Prioritize You in 2022: Advice from Carbon Health’s Healthcare Providers

Carbon Health Editorial Team
January 5, 2022
6 mins

Whether or not you’re the type of person who makes New Year’s resolutions, now is a great time to prioritize your health — and start making strides in your wellness journey. (Wondering how to make resolutions that really stick? Read our recent post “Setting an All Year’s Resolution.”) 

Carbon Health’s primary care providers are here to help you on that journey. We recently asked several of them to share their advice for a healthier new year, as well as to tell us about the steps they’re taking to improve their health and well-being in 2022.

Have questions about your health? Wondering how to make a positive change in your life or your daily habits? Make an appointment today with a Carbon Health primary care provider — and read on for some great advice. 

+ What are your recommendations for people who want to live healthier in the new year?

“You only get one body. You have to treat that body well — respect your body, mind, and soul…. I’m a huge proponent of exercise — whatever makes someone excited to get their body moving.

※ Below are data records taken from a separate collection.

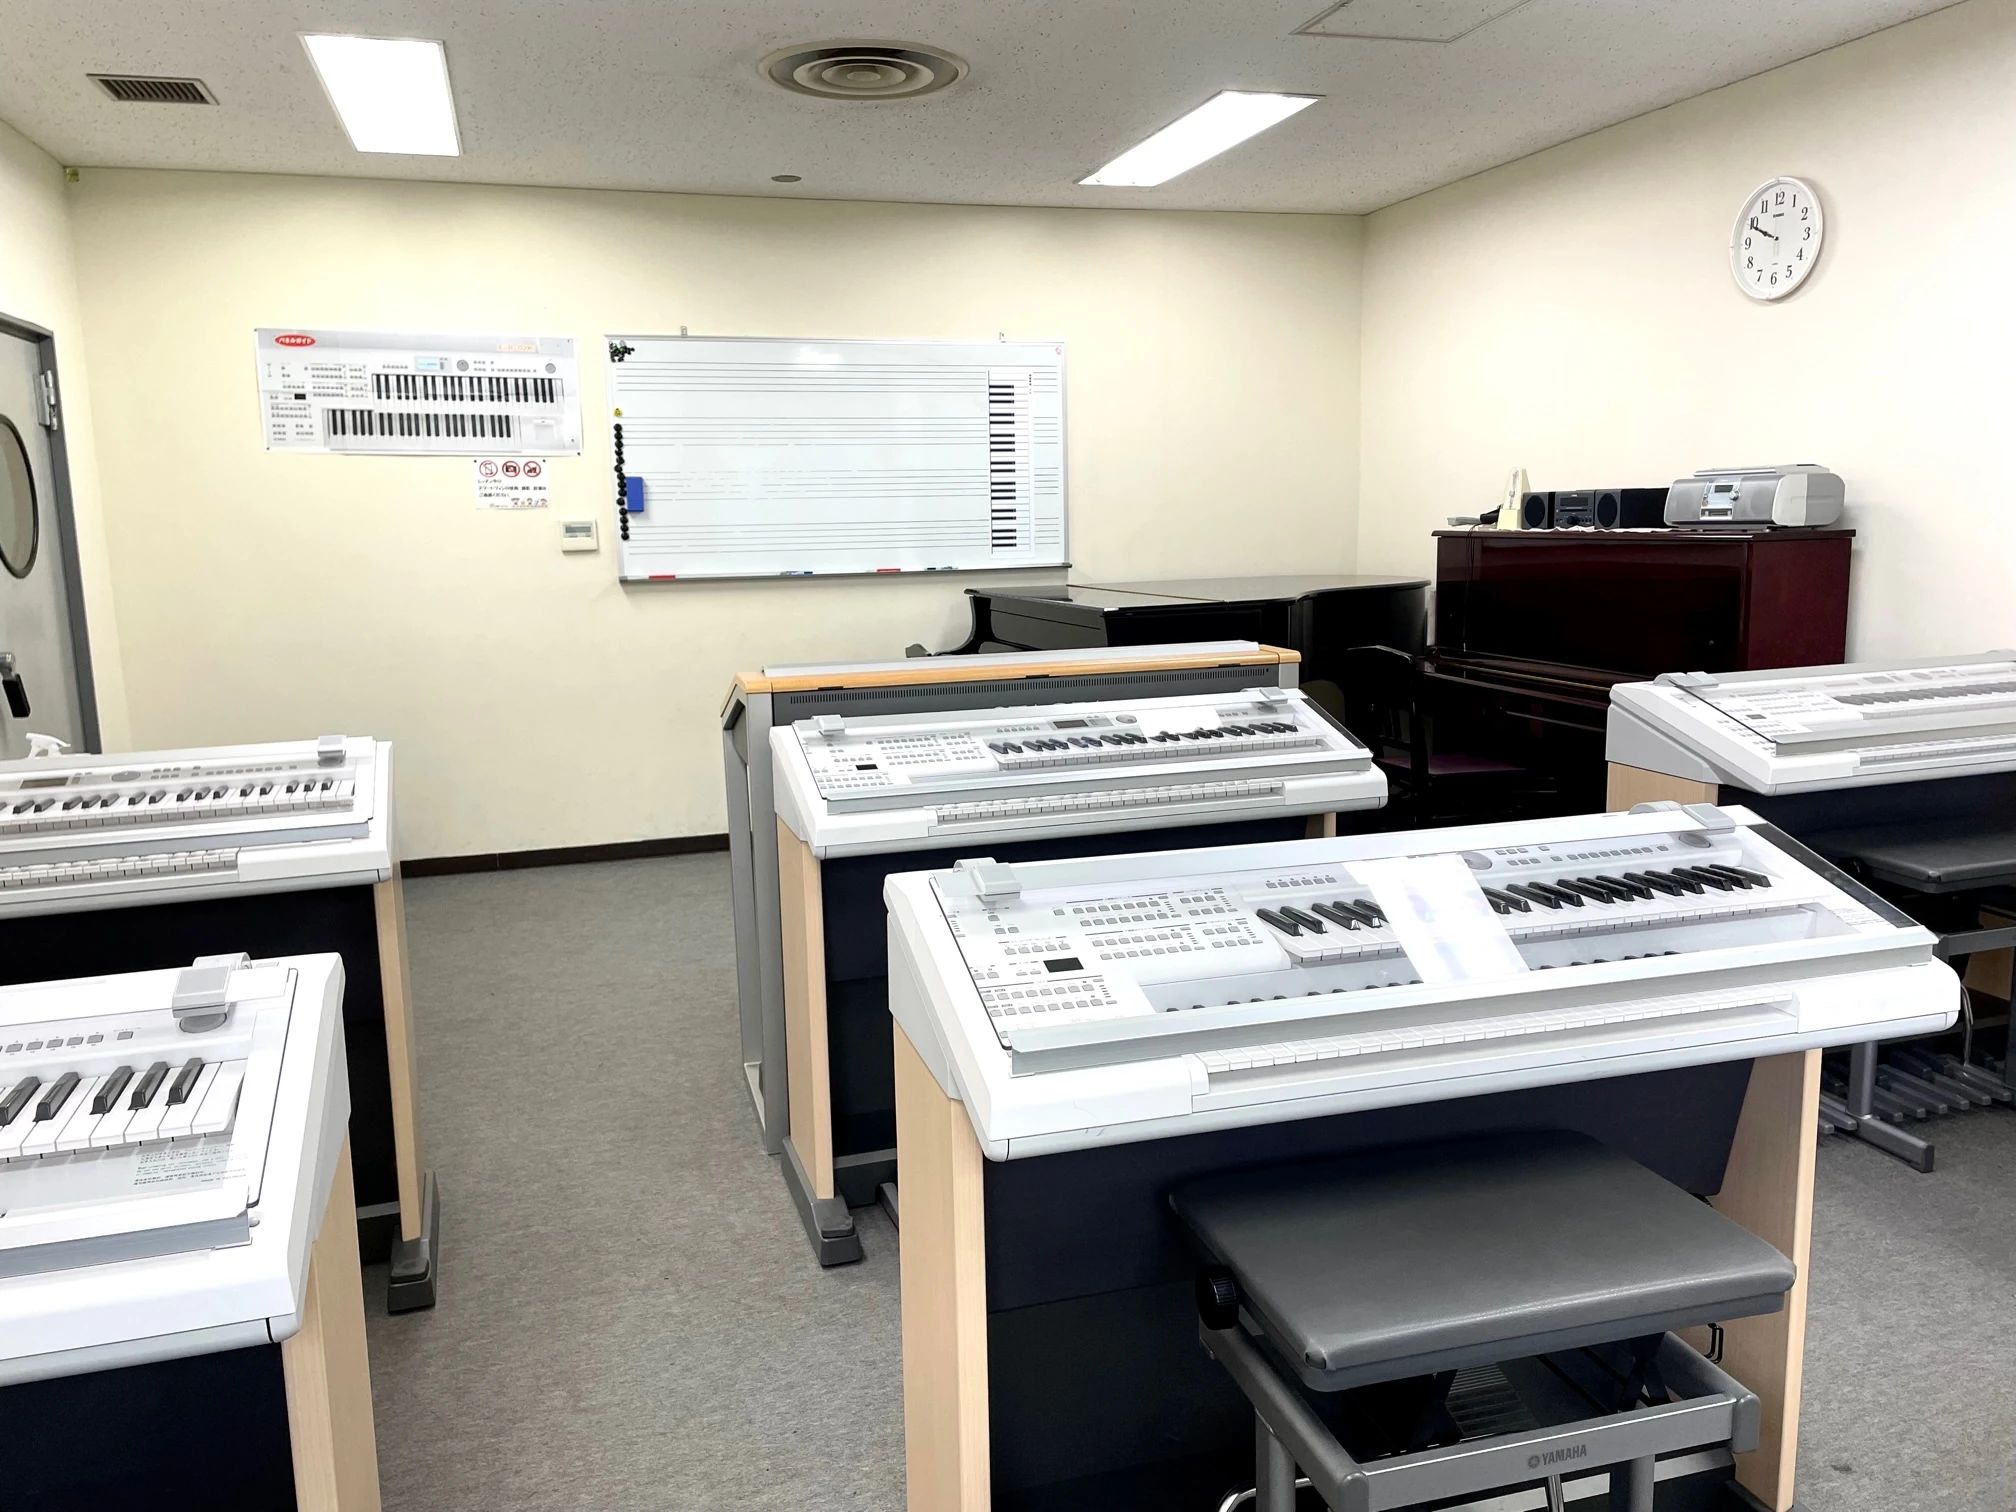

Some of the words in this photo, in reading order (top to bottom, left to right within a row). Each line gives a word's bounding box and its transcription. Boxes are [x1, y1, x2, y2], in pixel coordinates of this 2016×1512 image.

[1775, 191, 1785, 206] 12
[1792, 194, 1797, 208] 1
[1761, 200, 1768, 213] 11
[1801, 207, 1808, 221] 2
[1750, 216, 1758, 230] 10
[1803, 227, 1811, 240] 3
[1744, 237, 1752, 250] 9
[1796, 247, 1803, 261] 4
[1746, 256, 1754, 269] 8
[1756, 269, 1763, 282] 7
[1785, 265, 1793, 278] 5
[1770, 272, 1777, 285] 6
[1541, 1444, 1587, 1466] YAMAHA

Also, think about food as medicine: go back to basics … enjoy natural unprocessed foods that are good for our bodies.” — Marisa Jayakar, MD (she/her) 

(Getting back into exercise after a bit of a break? Read “Tips on Restarting a Fitness Routine — or Starting a New One!”) 

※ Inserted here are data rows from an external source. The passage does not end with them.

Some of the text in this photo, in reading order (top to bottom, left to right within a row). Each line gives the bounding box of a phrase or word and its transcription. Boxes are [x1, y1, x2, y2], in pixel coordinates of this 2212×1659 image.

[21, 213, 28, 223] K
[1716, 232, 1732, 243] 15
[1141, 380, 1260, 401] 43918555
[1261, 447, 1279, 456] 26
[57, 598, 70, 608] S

“I’m a big believer in exercise. Other than not smoking, it’s the single most important thing people can do for their mental and physical health. The recommended amount of exercise is 150 minutes per week of activity that brings a higher heart rate — to the point of being a little uncomfortable to talk. The best exercise is the one you enjoy: gardening, running with your dog, push-ups. It doesn’t have to be at a gym — it could be walking around the block.” — Laura Sharp, NP-C (she/her)

“Adopting small incremental changes — not trying to do a fad diet. A lot of people set unachievable new resolutions and fall off. When starting exercise, it’s better to start with one day a week than several days a week, and then gradually build up. In general, if you’re trying to cut something out of your life — drinking, smoking, vaping — develop a plan with the help of a partner in your health journey. Also, mental health aspects, like anxiety and depression, can get in the way of your resolutions, so digging into looking at your life as a whole is the first step.” — Kyle Losoya, PA (he/him)

(Need some resolution motivation? Read “Setting an All-Year’s Resolution: How to Form Habits that Stick.”)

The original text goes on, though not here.